Day 8: St. Mary’s Goes Green—Even in the Snow!
“In our every deliberation we must consider the impact of our decisions on the next seven generations.”
The Great Law of the Six Nations Iroquois Confederacy
In 1990, SSM Health Care system Chair and CEO Sister Mary Jean Ryan required every SSM facility, including St. Mary’s in Madison, to establish a Preservation of the Earth (POE) Committee. She was inspired to act by her congregation’s commitment to nonviolence and a photo she had seen of a polluted harbor. She not only established the POE Committees but also banned the use of Styrofoam cups throughout the system—SSM’s first step in taking better care of the earth. “We have learned that we cannot apply the most advanced medical technology to cure people’s illnesses and then send them home to heal in an unhealthy environment,” Sister Mary Jean said.
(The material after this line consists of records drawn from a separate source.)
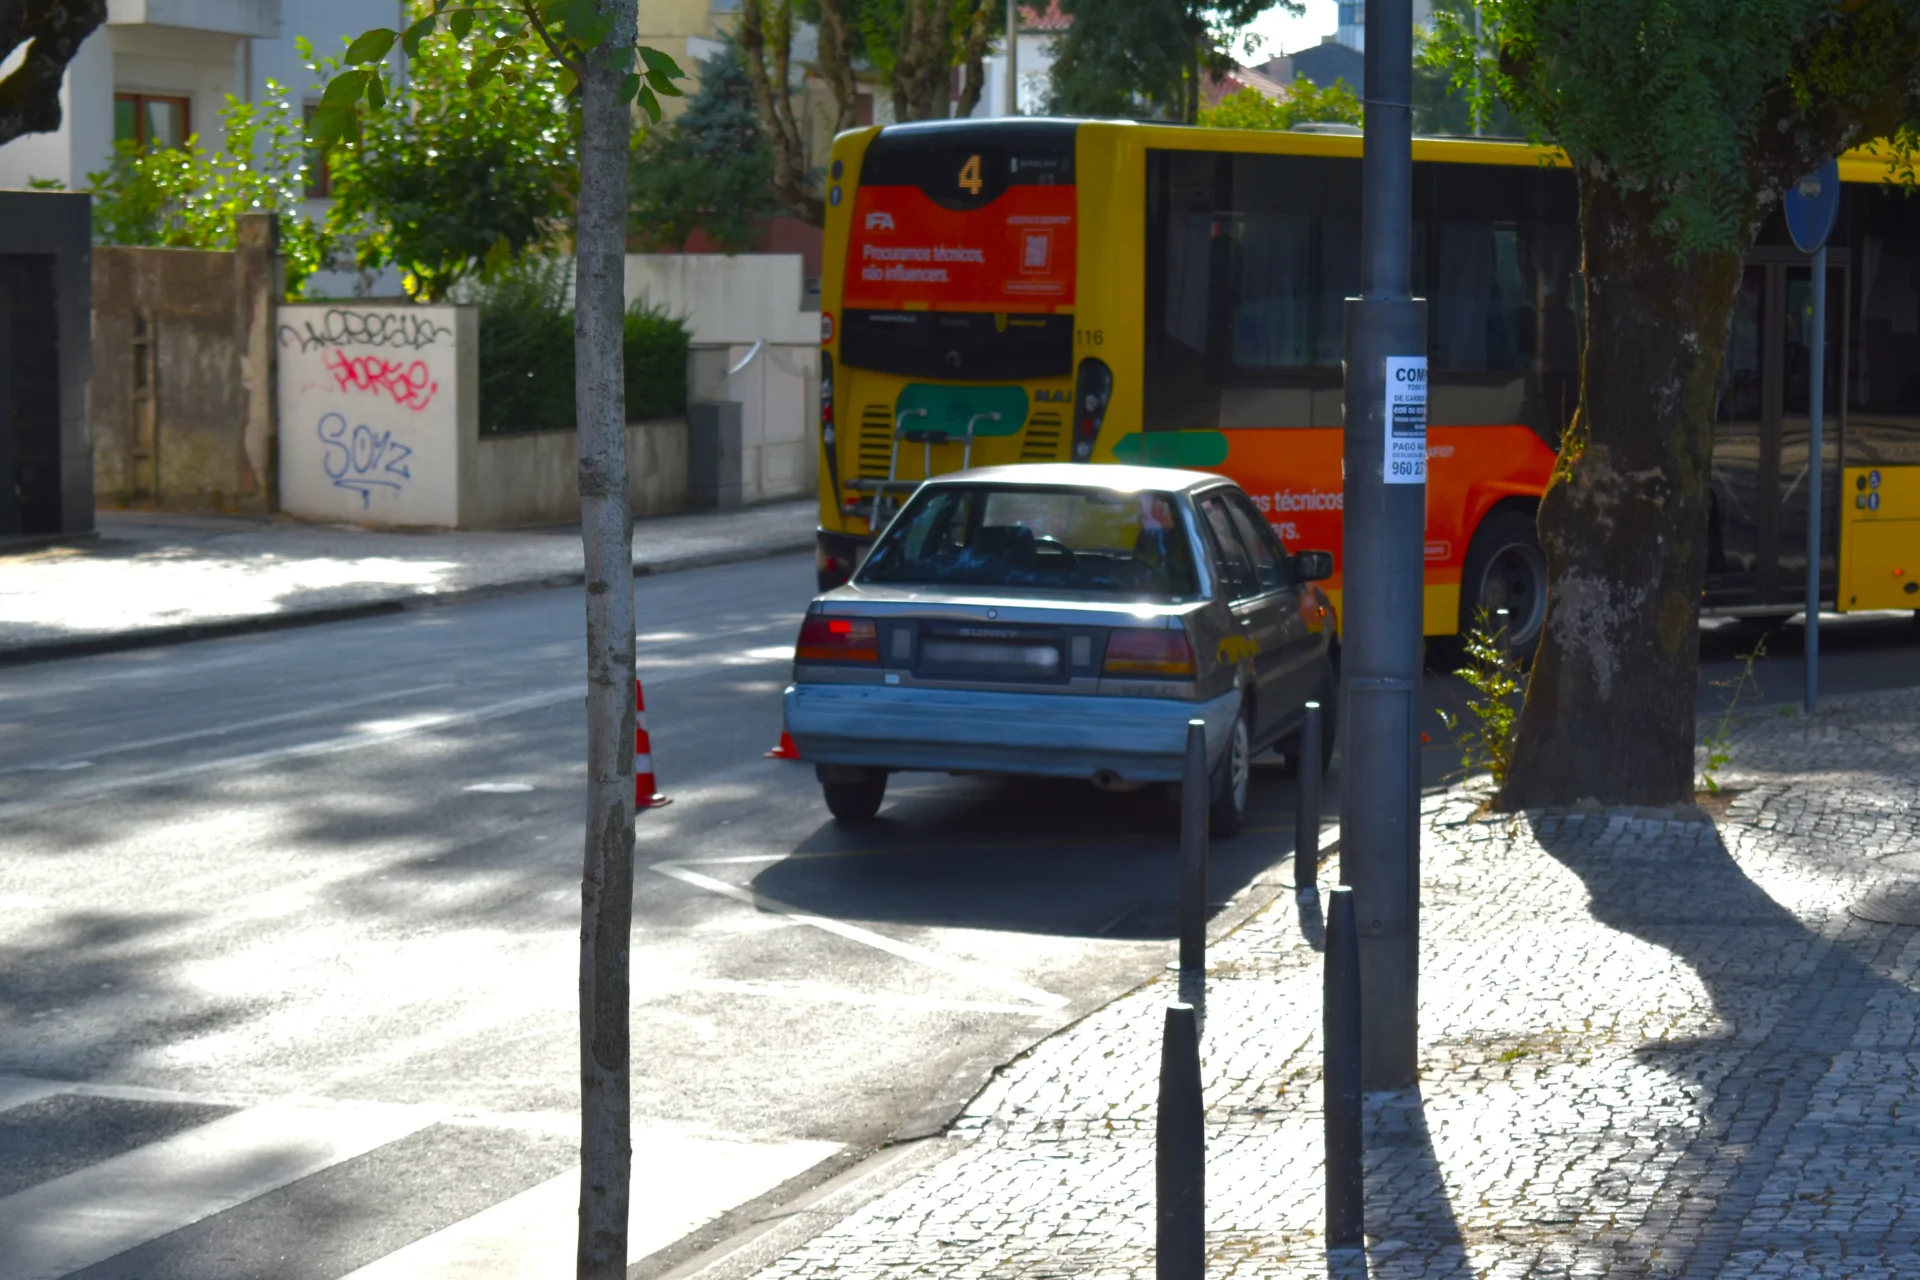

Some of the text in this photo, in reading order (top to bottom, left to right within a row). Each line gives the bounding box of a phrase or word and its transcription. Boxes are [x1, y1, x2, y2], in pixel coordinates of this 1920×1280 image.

[957, 154, 983, 194] 4
[862, 243, 931, 261] Procuramos
[1076, 330, 1104, 346] 116
[1393, 443, 1415, 451] PAGO
[1392, 461, 1412, 475] 960
[958, 628, 1019, 639] SUNNY
St. Mary’s Hospital has launched many environmental initiatives, particularly during the first decade of the 21st century. As part of a major construction project begun in 2005, the hospital planned, preserved and recycled for the benefit of the environment by:
- Using wood from the trees that were in the hospital’s front yard on Brooks Street as architectural elements and furniture.
- Planning more green space and “pocket parks” for the enjoyment of patients and their visitors.
- Recycling 63 percent of the materials previously on the 2.7-acre project site.
In 2008, St. Mary’s banned the sale and distribution of plastic bottles from the hospital. Three years later, plastic soda and juice bottles were banned, too. Since aluminum and glass are more readily recycled than plastic, these hospital policies would help the environment by keeping plastic out of the landfills.
In 2010, St. Mary’s also went green by addressing several snow-related problems. Faced with inconvenient snow piles, unsightly silt, contaminants seeping into storm drains and lakes, and the aftermath of snowfall often requiring dump trucks to transfer snow to another location, St. Mary’s Plant Services began melting snow on-site through a new process that provided both aesthetic and environmental benefits. Loaded into a specialized bin brought to the site, snow is sprayed with hot water to melt. Oil and other non-soluble products are extracted, and silt particles are filtered out before the clean, melted snow is diverted to a storm drain. As a result, the dirty snowmelt doesn’t reach the lakes. The process also eliminates the need for trucking, providing further environmental benefits.